The debate regarding the legislating evolving new drugs persists for Addiction Psychiatry. Whilst ‘Legal Highs’ (so called as they are not yet under legislation and illegal) keep growing, the issue of legislation needs to be carefully balanced by the understanding of scientific effects of these drugs.

The 1st International Conference on Novel Psychoactive Substances in Budapest, Hungary on 12- 13 March 2012 was a very useful conference which highlighted its theme of the rapidly changing world of ‘Legal Highs’. The biggest challenge for Addiction Psychiatry seems to be keeping pace with this rapid developments where newer drugs are coming out along with newer market evolution and the trends that are transgressing national and international borders- an impact of globalisation and the internet becoming a massive global market. Also, the epidemiology of these is not yet clear as the new drugs have been not around with us long enough. Fortunately though, EMCDDA is reporting that there are some prevalence studies coming up which may be reflecting the wide variation of use of these substances in different regions and countries. Other information reported in this conference, that is useful to me as a Private Psychiatrist in Wales, UK is that the Novel Psychoactive Substances are not probably the first preference of drug users and that stimulants- Amphetamines, Cocaine, MDMA & Ketamine remain drugs of preference. From the reported results, it seems that the Mephadrone might be on the decline. From Dr Paul Dargan’s findings, the other challenge that faces us in Addiction Psychiatry is that there are no systematic data on toxicology, the ICD coding takes a long time to code for new drugs and when faced with acute presentations which may be in A&Es, general medical wards, Psychiatry Wards or in Addiction services, the analytic confirmation is still not up to speed to be able to confirm or refute the drug in the body. Whilst most NPS seem to be falling under the categories of Piperazine, Cathinone and Synthetic Cannabinoids- variations in these poses clinical management challenges. Piperadole derivatives like DPMP and D2PM have been on the increase as highlighted in the conference and people after having used these have developed neuropsychiatric syndromes.

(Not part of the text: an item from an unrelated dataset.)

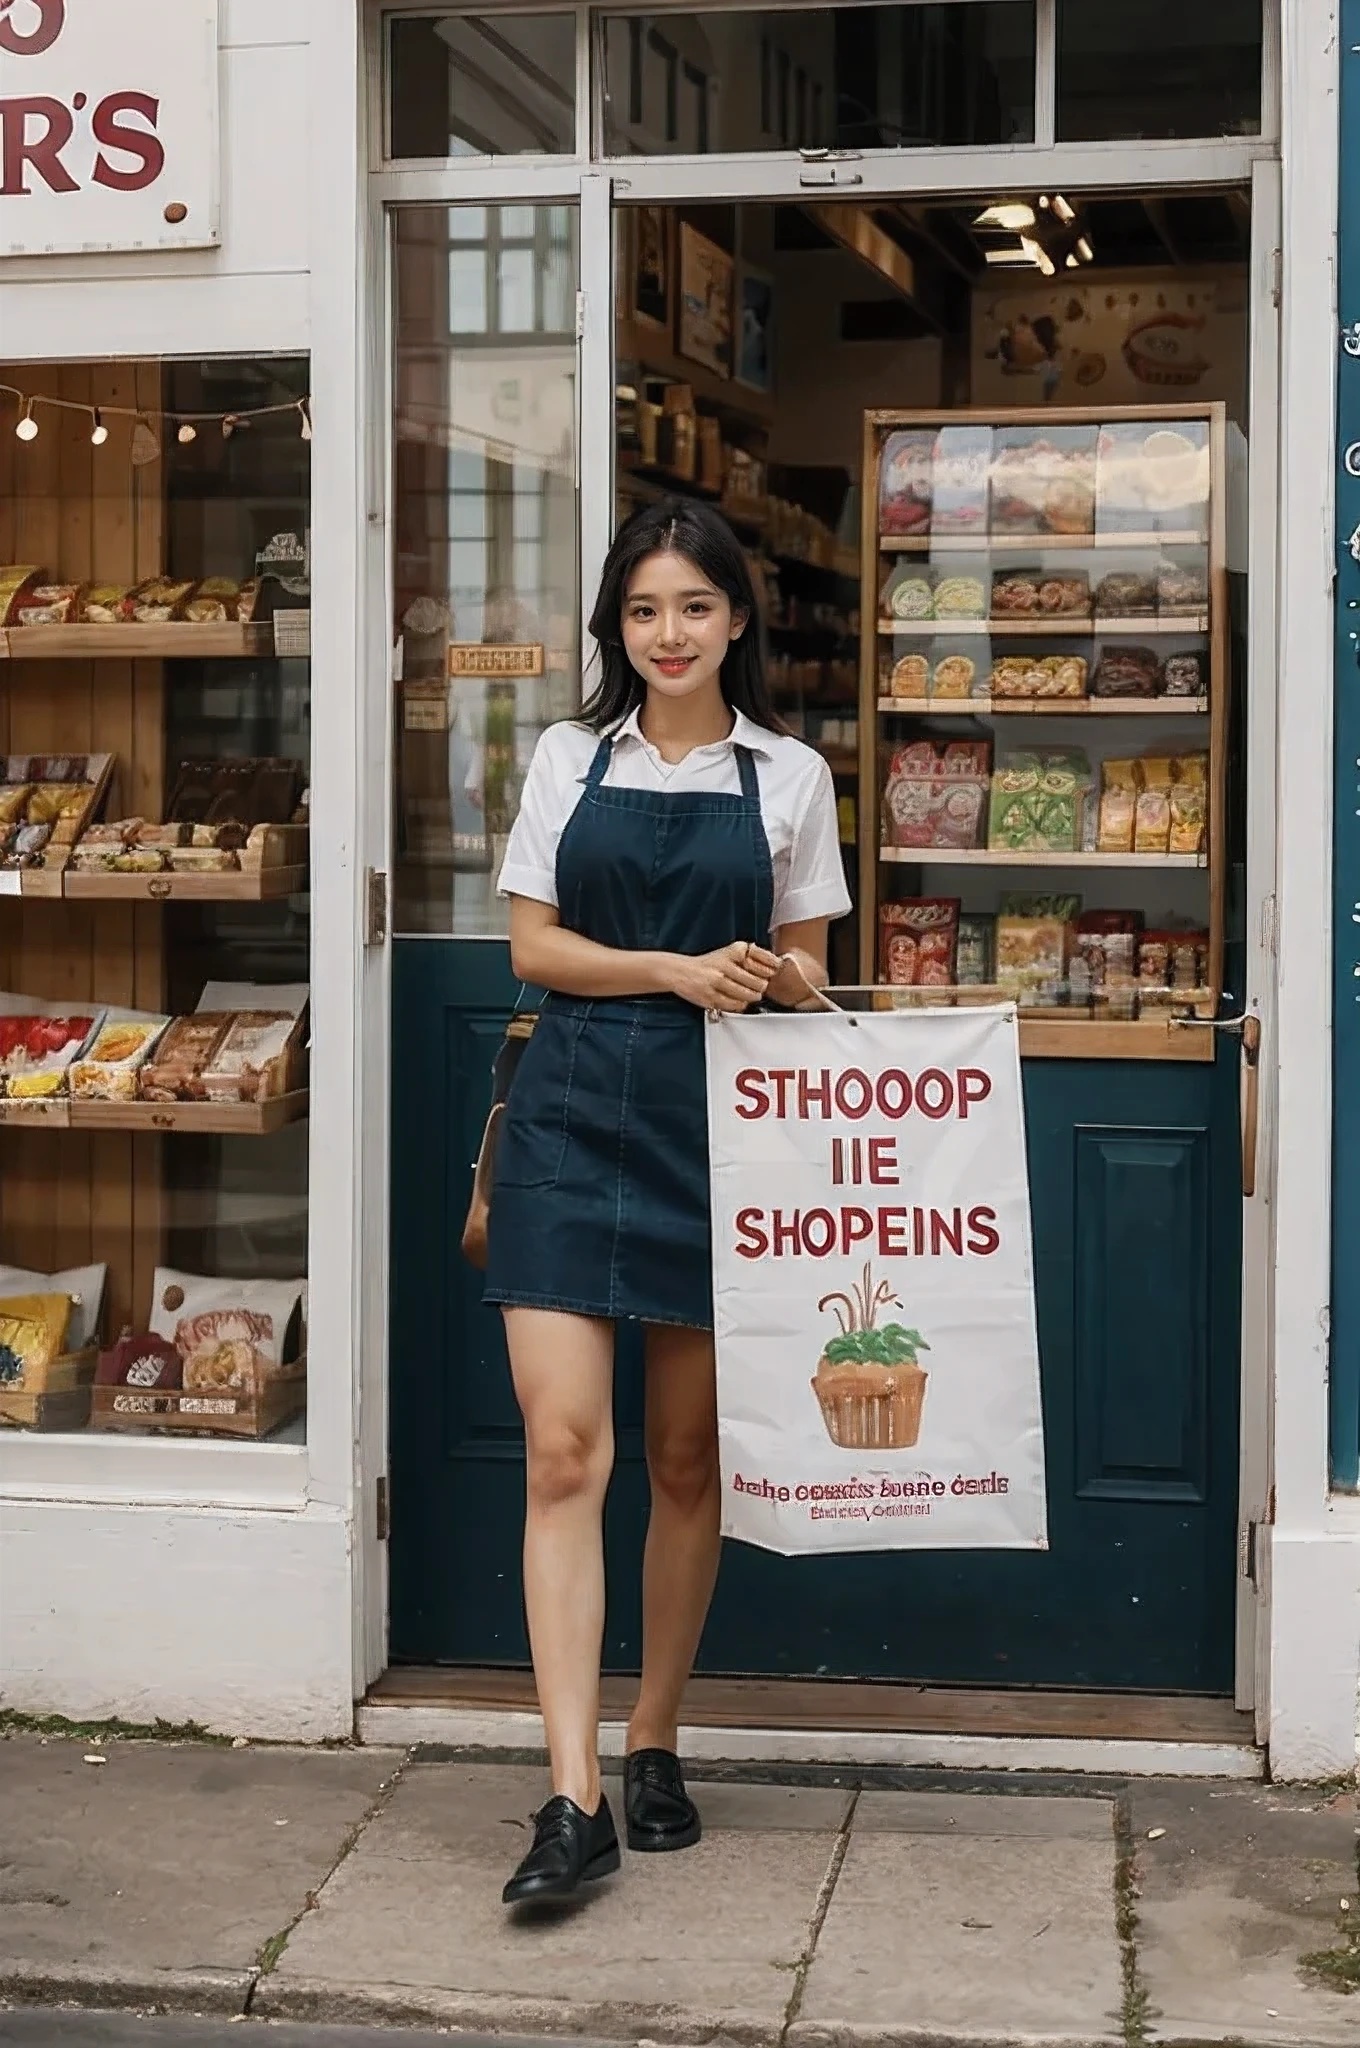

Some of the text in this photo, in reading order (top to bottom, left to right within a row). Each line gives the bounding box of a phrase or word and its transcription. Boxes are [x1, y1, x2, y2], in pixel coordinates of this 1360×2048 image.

Similarly, the  marketing of these has changed a lot and the newer social networking sites have been used a lot for advertising. Another MixMag survey had highlighted that the number of online shops has increased exponentially and the number of head shops have gone up as well. What struck me as well is that the products being sold with the same brand name such as ‘Ivory Wave’ has been found to be having no standardization, therefore the person buying the same brand may never be assured of getting the same drug on repeat orders. And Methoxetamine (Ketamine derivative) is being branded as “Bladder Friendly”.

What effects do these have in the long run is a difficult question to answer at the moment and a collaborative effort by clinicians, researchers, policy makers, criminal justice systems and governments is needed to address this new epidemic!